> Task to complete:
All the lines below need retyping exactly, apart from the images.

(Stored items)
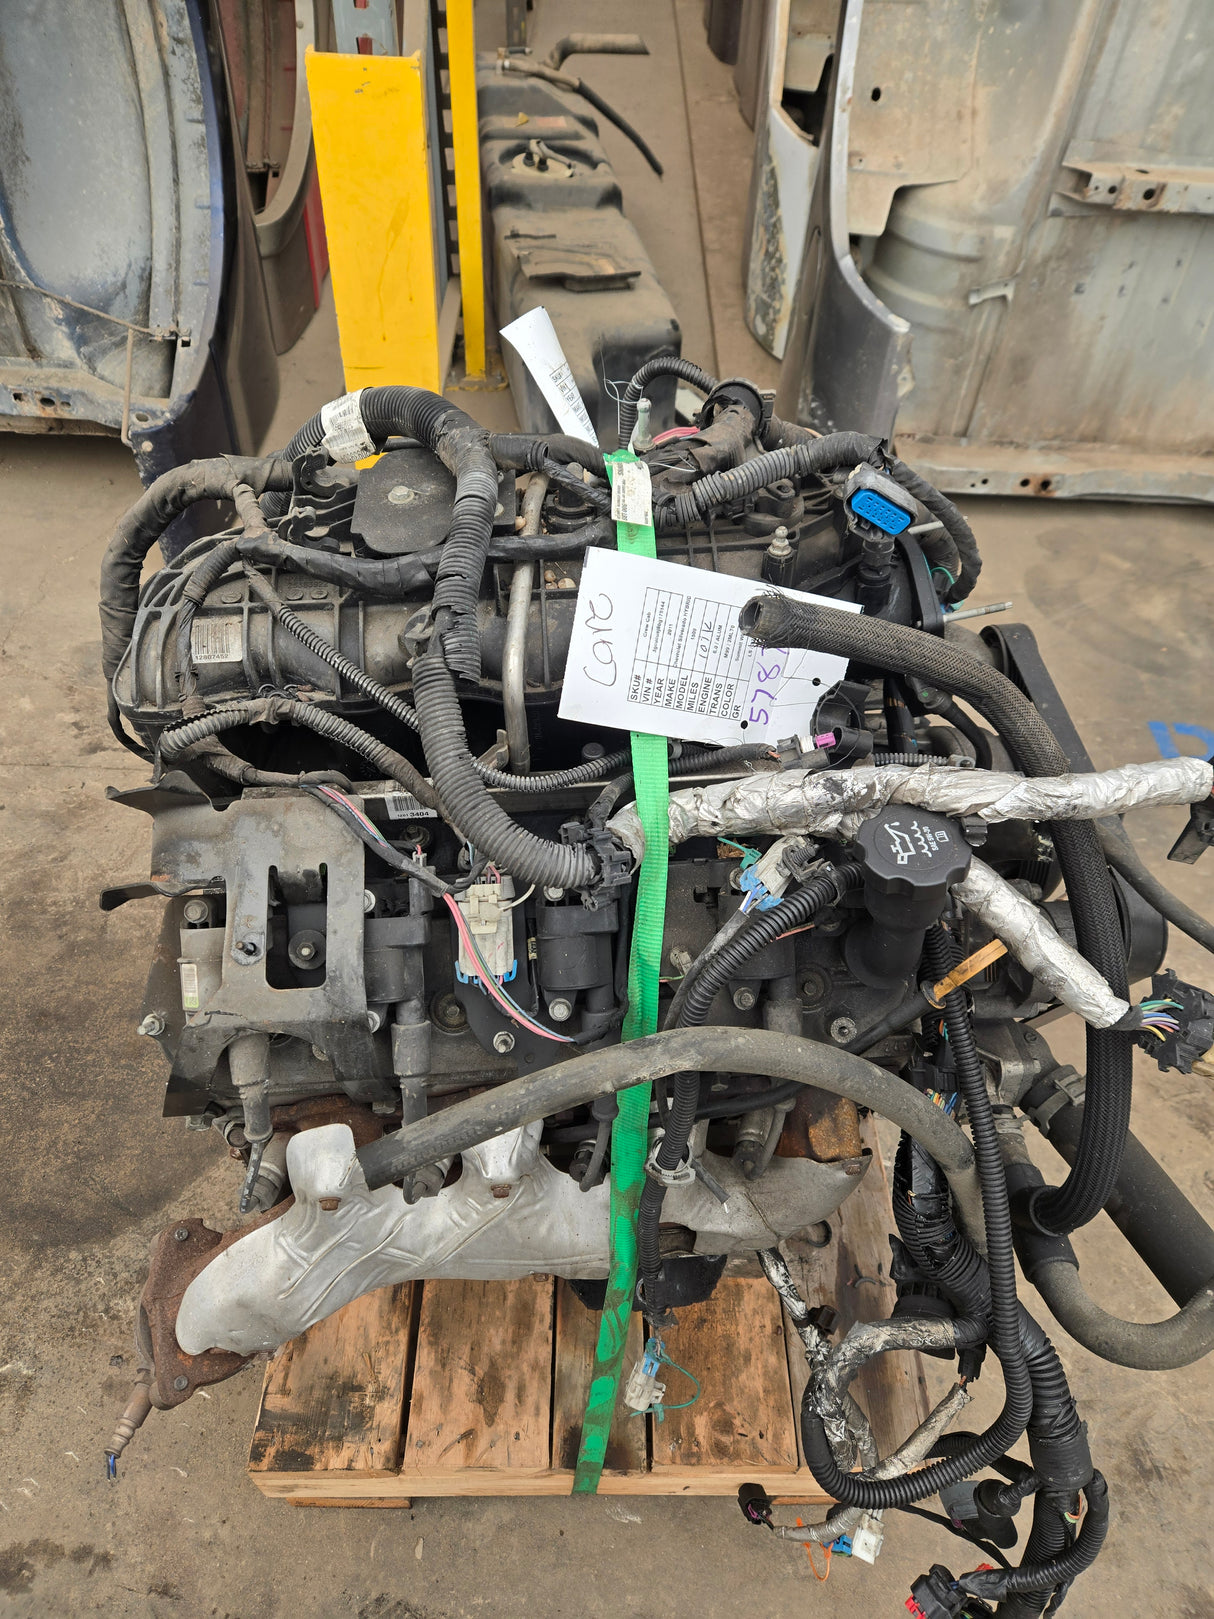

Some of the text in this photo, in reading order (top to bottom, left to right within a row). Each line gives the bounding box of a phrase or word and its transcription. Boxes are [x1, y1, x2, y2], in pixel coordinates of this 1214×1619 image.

[664, 596, 692, 707] MAKE Chevrolet Silverado HYBRID
[630, 674, 642, 701] SKU#
[642, 686, 652, 702] VIN
[653, 678, 665, 704] YEAR
[675, 675, 689, 709] MODEL
[721, 682, 735, 717] COLOR
[735, 642, 743, 662] Summit
[687, 682, 699, 711] MILES
[698, 677, 713, 713] ENGINE
[709, 683, 723, 714] TRANS
[732, 705, 741, 719] GR
[930, 841, 939, 851] SAE
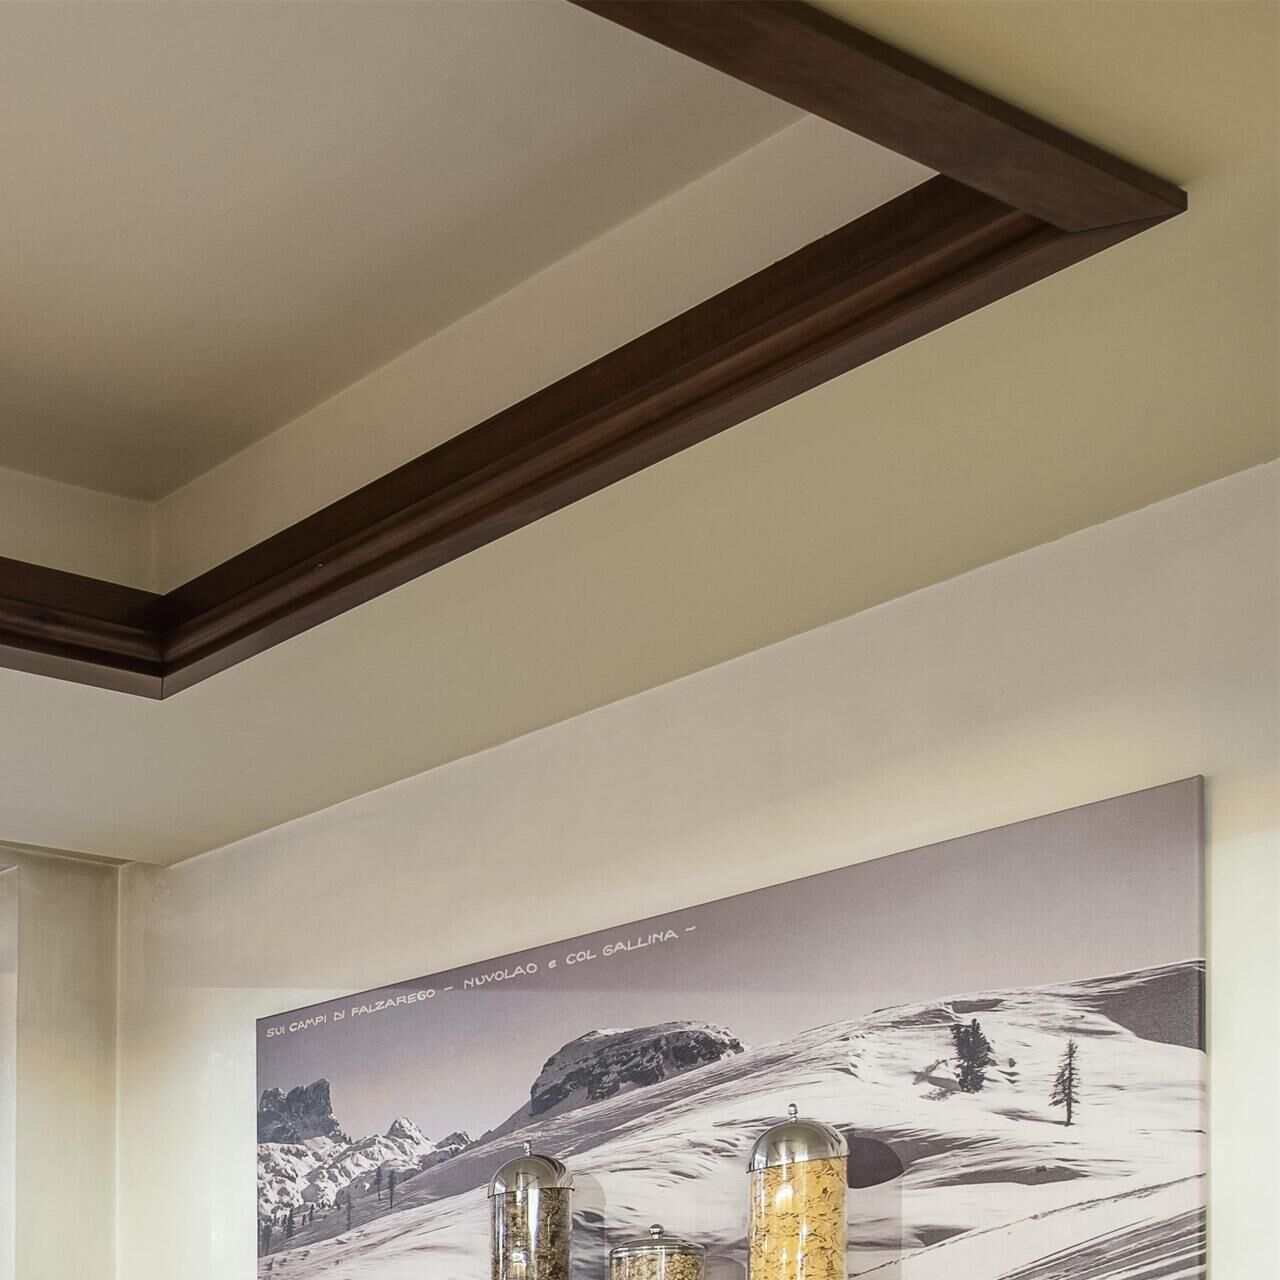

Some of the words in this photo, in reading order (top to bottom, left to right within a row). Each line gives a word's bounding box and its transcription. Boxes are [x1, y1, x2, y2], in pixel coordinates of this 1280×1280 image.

> Task solution:
Some of the text in this photo, in reading order (top to bottom, left to right within a row). Each line gives the bounding box of a phrase or word and its transcription. Boxes are [x1, y1, x2, y2], in pixel coordinates of this 1214×1619 image.

[664, 596, 692, 707] MAKE Chevrolet Silverado HYBRID
[630, 674, 642, 701] SKU#
[642, 686, 652, 702] VIN
[653, 678, 665, 704] YEAR
[675, 675, 689, 709] MODEL
[721, 682, 735, 717] COLOR
[735, 642, 743, 662] Summit
[687, 682, 699, 711] MILES
[698, 677, 713, 713] ENGINE
[709, 683, 723, 714] TRANS
[732, 705, 741, 719] GR
[930, 841, 939, 851] SAE

Some of the words in this photo, in reading order (top to bottom, left to right within a row). Each line gives a word's bounding box and its transcription. Boxes are [x1, y1, x2, y2], in pixel coordinates of this 1280×1280 image.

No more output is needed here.